Learn which vegetable oils are the healthiest and which are bad for you from nutrition expert Alex Jamieson in this Howcast video.


You might be a little confused when it comes to choosing the best type of vegetable oils for you and your diet. That's because there are different benefits and different drawbacks to so many of them.

Now, olive oil is the most common, and it's high in heart healthy monounsaturated fats. But it's also low in the omega 3 fatty acids that we need more of. Canola oil is lower in saturated fat, and higher in omega 3 fatty acids, and it doesn't have that olive oil taste. So it can be better to use in kind of a neutral baking way. It won't add the olive oil taste and aroma to it. But you want to make sure that you're getting organic canola oil, because canola can be genetically modified, and we're not sure what the health implications of that are yet.

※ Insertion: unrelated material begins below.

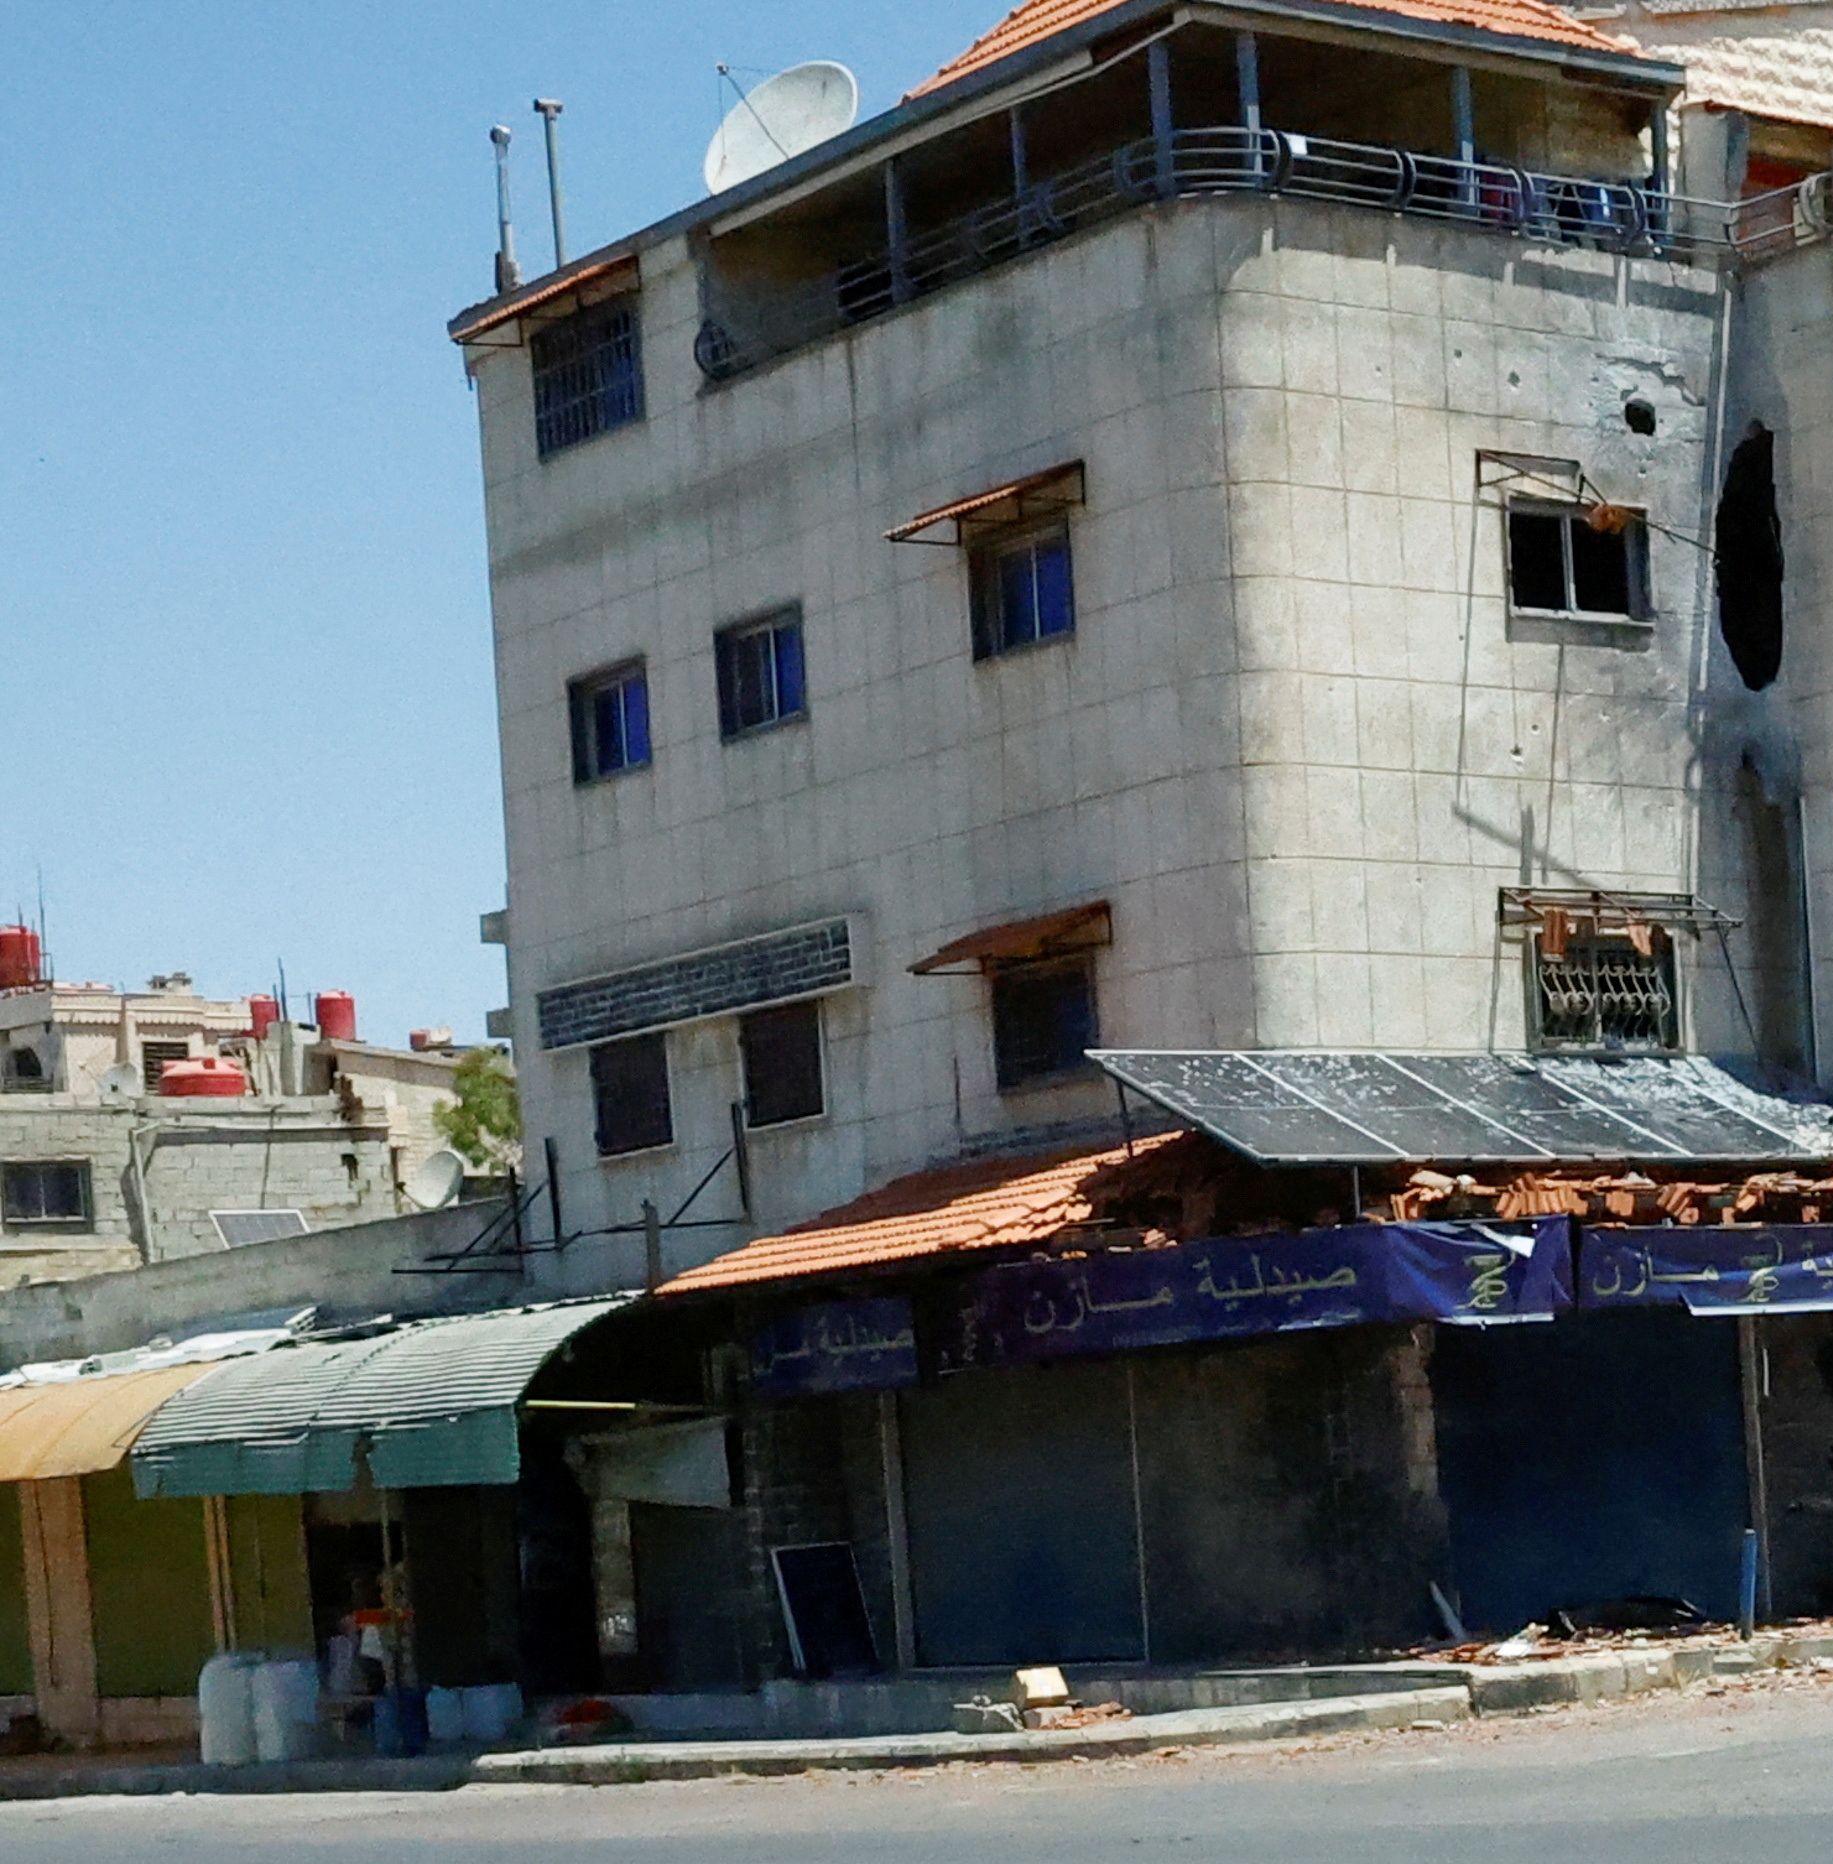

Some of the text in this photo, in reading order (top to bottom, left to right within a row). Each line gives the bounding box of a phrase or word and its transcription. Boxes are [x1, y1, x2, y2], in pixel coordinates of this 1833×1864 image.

[1023, 1253, 1357, 1335] صيدلية مازن
[1593, 1246, 1720, 1297] مازن

Another oil to consider using is coconut oil. Now, coconut oil is saturated, meaning that it is solid at room temperature. But it can be wonderful in baking, and it has a different aroma and texture to it, which can be healthier for people who need to avoid dairy, like using butter in their baking.

Other oils that you might want to use for finishing, and that means not cooking with them, but instead drizzling on finished cooked foods, or as a salad dressing, are the more tender oils. The oils that will be degraded by heating them. Things like pistachio oil, or almond oil, or toasted sesame oil can be really a delicious way to add some extra flavor, and aroma to your dishes. But you don't want to cook them, because that will degrade the quality of the oil.